6:18 am today

COP29: Surprise at lack of reaction to US elections

6:18 am today
People walk past the logotype at the venue for the 2024 United Nations Climate Change Conference (COP29) in Baku on November 11, 2024.

The world's poorest countries say they need a trillion dollars a year to cut emissions and adapt to climate change. Photo: AFP / Alexander Nemenov

The first week of the global COP29 climate summit was remarkable for the wrong reasons, with the Azerbaijani president using his speech to praise fossil fuels as a "gift of god".

But with the second week now underway, a veteran New Zealand diplomat says the event is making constructive progress, including on carbon trading rules affecting New Zealand.

COP summits are the biggest annual meetings on any topic held by the United Nations.
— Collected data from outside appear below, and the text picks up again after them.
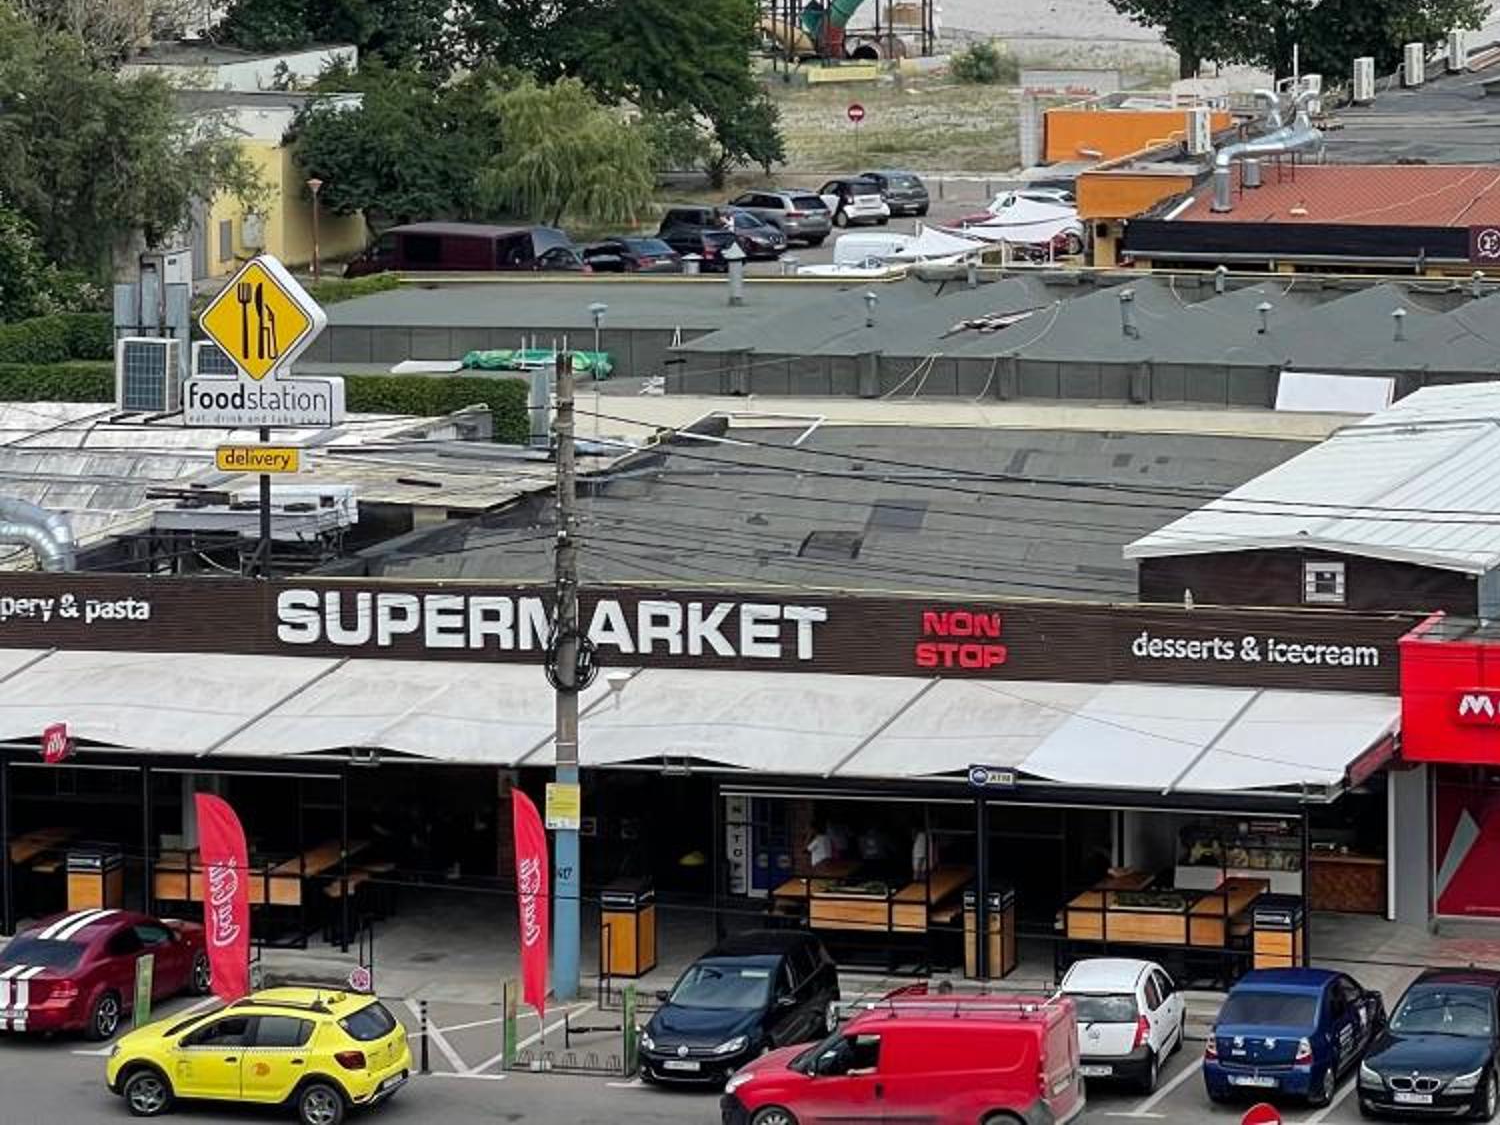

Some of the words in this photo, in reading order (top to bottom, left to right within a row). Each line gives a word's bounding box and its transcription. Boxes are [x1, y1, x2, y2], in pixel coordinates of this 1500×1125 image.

[189, 382, 328, 412] foodstation
[225, 448, 291, 470] delivery
[60, 593, 81, 620] &
[85, 599, 151, 624] pasta
[923, 611, 1001, 637] NON
[915, 642, 1008, 668] STOP
[1131, 632, 1235, 661] desserts
[1239, 636, 1262, 662] &
[1267, 638, 1379, 666] icecream
Newsroom's Marc Daalder - a New Zealand journalist at the summit - says the Azerbaijani president's decision to praise fossil fuels and criticise "fake media" in the opening created a sense of whiplash, particularly as some observers expected him to unveil a new climate pledge instead.

"That was not the tone that a COP normally starts on, even at the UAE last year, which is a large producer of oil and gas, the focus was much more on transitioning [and] trying to put the best foot forward."
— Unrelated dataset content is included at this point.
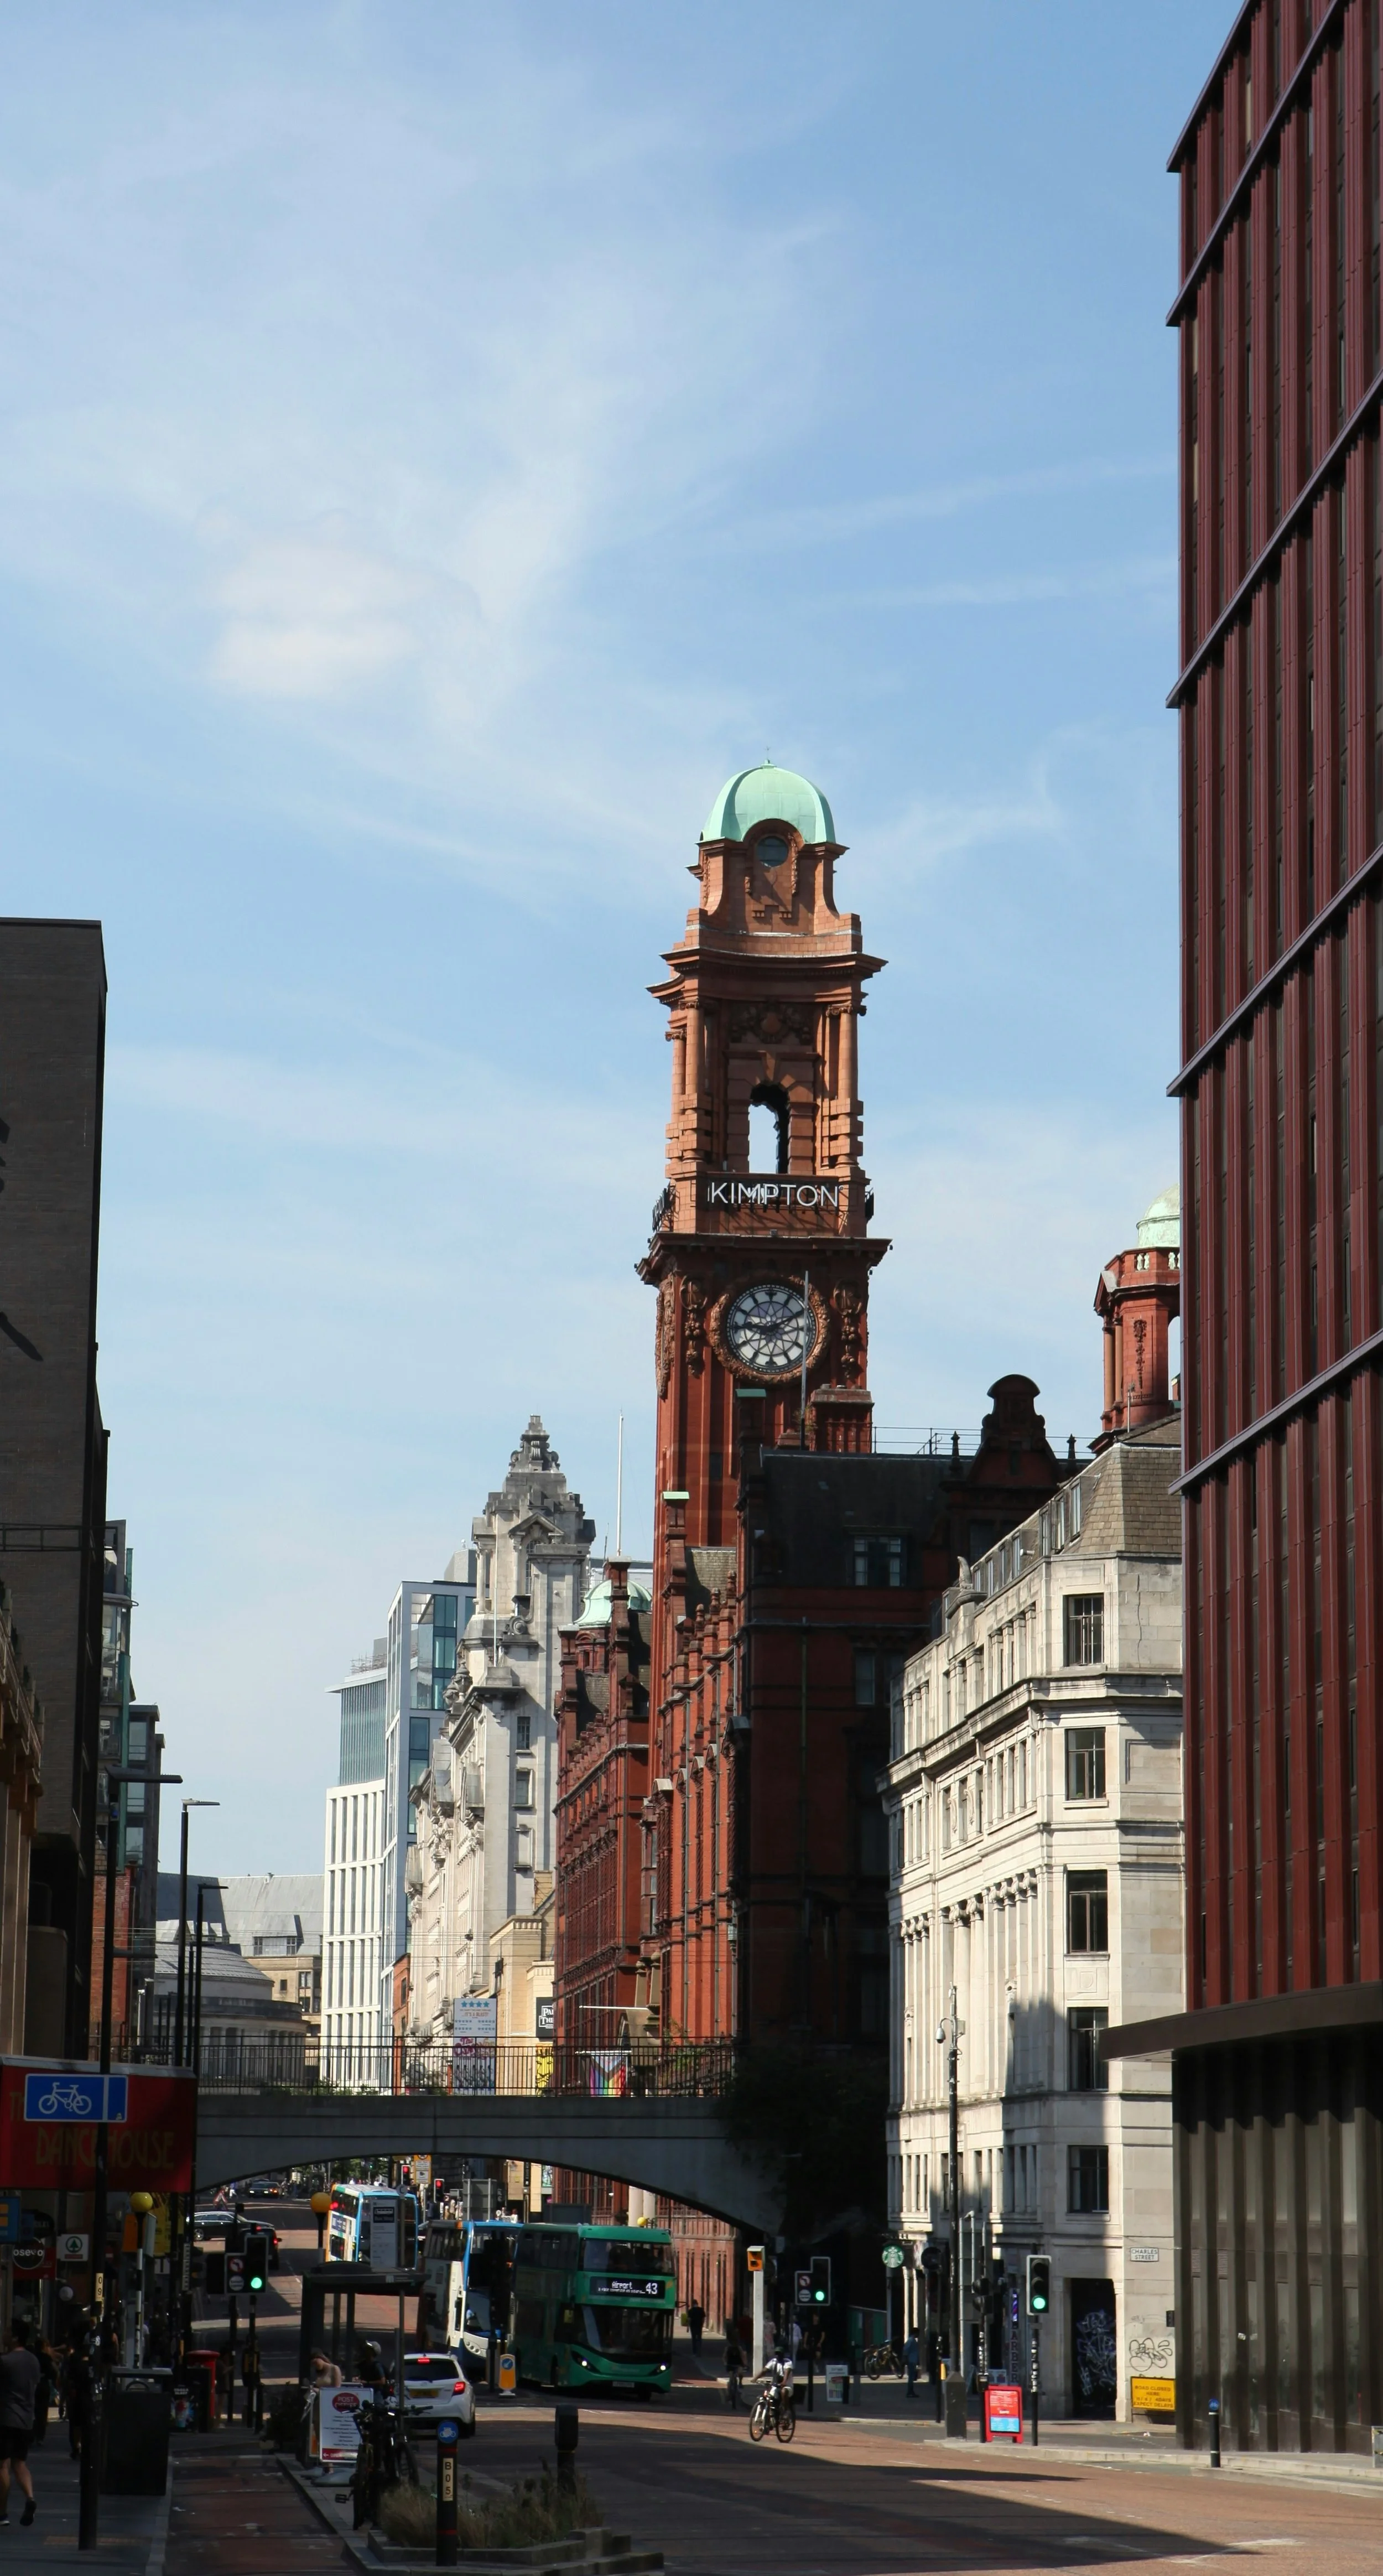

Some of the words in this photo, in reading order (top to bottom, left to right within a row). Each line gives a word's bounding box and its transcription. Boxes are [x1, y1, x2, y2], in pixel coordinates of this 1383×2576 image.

[710, 1182, 839, 1207] KIMPTON
[612, 2281, 632, 2289] Airport
[646, 2282, 658, 2294] 43
But Daalder says the unusual opening - and even news that climate change denier Donald Trump had been re-elected as US president - did not have as much impact on the topics being negotiated as people might have thought.

The main topic this year is finance. The world's poorest countries say they need a trillion dollars a year to cut emissions and adapt to climate change.
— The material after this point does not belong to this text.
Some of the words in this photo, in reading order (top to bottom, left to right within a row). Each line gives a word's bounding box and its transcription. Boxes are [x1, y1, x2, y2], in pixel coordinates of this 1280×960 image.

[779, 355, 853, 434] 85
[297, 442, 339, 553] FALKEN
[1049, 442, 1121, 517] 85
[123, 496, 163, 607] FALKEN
But developed countries, including New Zealand, are feeling financially tight - and looking to the private sector and wealthier developing nations such as China to help.

Daalder said a lot of countries were waiting to see how much aid was available before setting their emissions-cutting targets for 2030 to 2035. An ambitious and achievable finance goal would be more likely to make them feel confident about making a strong pledge, he says.

Only the UK, Brazil and UAE have tabled their 2030-2035 targets - and only the UK's target was rated by analysts as being enough to keep the planet inside 1.5C heating. The deadline is February 2025, and New Zealand's pledge is unlikely to land much before the deadline, according to Climate Change Minister Simon Watts.

UK Prime Minister Keir Starmer is promising to take on a leadership role in the absence of a strong US presence on climate action, albeit without naming the US directly, said Daalder.

Adding to the surreal vibe is the fact that Baku is the second summit in a row hosted by a petrostate, with a strong fossil fuel industry presence. The dissonance was only highlighted when the head of Exxon spoke and urged Donald Trump to stay in the Paris Agreement.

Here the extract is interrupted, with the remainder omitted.